There is a start/stop button in the control panel of the 37ºC water bath that controls the shaking. Stop the shaking while putting flasks into the shaker, collecting samples, or removing flasks from the shaker. Otherwise you are likely to break your flasks!
Collect experimental samples
NOTE: To prevent breaking flasks in the shaker, stop the shaker before taking a sample, and leave the flask in the holder.
You will use the SAME sample for both the growth curve measurement and the gel electrophoresis. After you measure the cell density, you will prepare the sample for electrophoresis.
1) Growth curve
- Remove 1.0 mL samples from each of the three culture flasks at times of 45, 90, and 120 minutes and place in a 1.5 mL eppendorf tube (0 time was taken directly after you prepared the culture, so you already have that). Record the EXACT time point if it differs from those listed (e.g. 48 minutes instead of 45).

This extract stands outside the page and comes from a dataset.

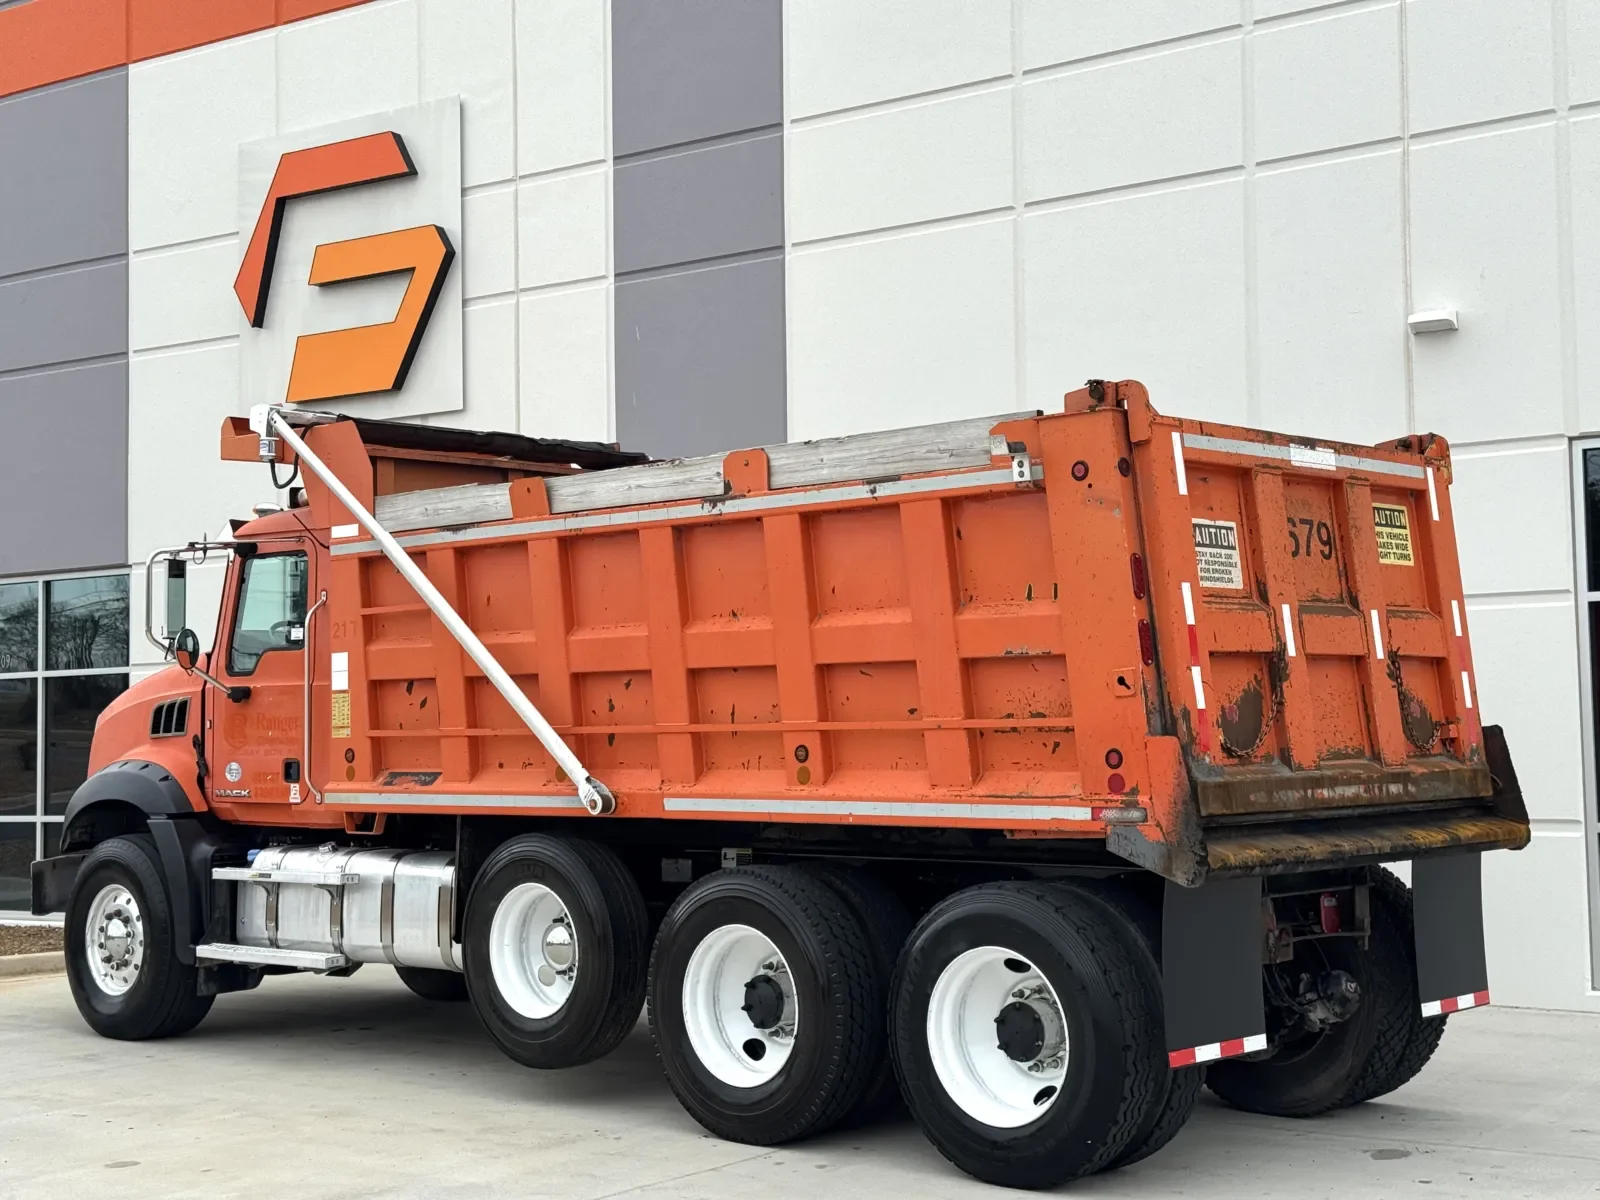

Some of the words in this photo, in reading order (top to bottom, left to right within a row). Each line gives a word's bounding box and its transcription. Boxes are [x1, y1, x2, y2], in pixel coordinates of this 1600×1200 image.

- Keep the tubes ON ICE until an OD600 measurement can be made in order to prevent further cell growth. You may measure the OD600 immediately or keep your samples on ice and measure a few time points at once. However, do not wait until the end of lab to measure all of them!
- Instructions for operating the specs can be found in the Appendix: Appendix 5: Operation of the Shimadzu spectrophotometers
- Today we are taking “fixed wavelength measurements”
- Blank by placing empty cuvettes in both the slots and press the Auto Zero button. Wait for the spec to beep (it takes a few seconds).
- Always leave an empty cuvette in the back slot as a blank.
- Re-suspend the cells prior to measuring the absorbance.
- The spec is only reliable between ~0.1 and 1, due to technical limitations. For a sample having an absorbance greater than 1.0, dilute the sample appropriately (with water) so that the absorbance is within the reliable range of the instrument. Record any required dilution factors and absorbance values.
**NOTE: After measuring OD of the samples, DO NOT discard them! You will use this same 1 mL to prepare samples for SDS-PAGE (see below). Put them back on ice until you are ready to do so.
2) Sampling procedure for gel electrophoresis.
- Calculate how much of your sample would be equivalent to 1 mL at an OD600 of 0.5. Preparing your samples this way normalizes them so that all of your SDS-PAGE samples will contain approximately the same number of cells.
- Spin the calculated volume of cells for 1 min at 4,000 rpm.
Goal: Spin down the equivalent of 1 mL at an OD600 of 0.5
(1 mL) x (0.5) = (x mL) x (OD)
0.5/OD = x mL
- Discard the supernatant into bleach. Do not disturb the pellet.
- Resuspend in 30 μL water. Add 10 μL of denaturing sample buffer (containing tracking dye, SDS, and β-mercaptoethanol).
- Heat the samples to 95ºC for 10 min. in the heat block.
- Spin briefly in the microcentrifuge to remove liquid from caps.
- When all of the experimental samples have been prepared, all of the microfuge tubes can be stored in your freezer box at -20ºC until the next period when the SDS-PAGE gel will be performed.
DO NOT wait until the end of lab to heat all your samples!! There is not room in the heat block for everyone’s samples all at once.
Prepare the remaining culture for purification.
NOTE: At this point, you will be combining your cultures with the other group at your pod. DO NOT combine wt and mutant in the same centrifuge bottle!!
- Once you have collected all of your samples, transfer your remaining wild type and mutant cultures to two separate 250 mL centrifuge bottles – DO NOT combine the wild type and mutant cultures.
- The other group at your pod will add their culture to these bottles as well, so that each pod will have 200 mL of wild type and 200 mL of mutant to spin.
- Be sure your bottles are well-labeled. The pellets (containing protein for purification!) will be frozen in these bottles until next week.
- Balance the two bottles against each other on a scale, using water to adjust if necessary.
- Give the bottles to your TAs who will pellet the cultures for you (by spinning at 6,000 x g for 15 minutes) and freeze the pellets.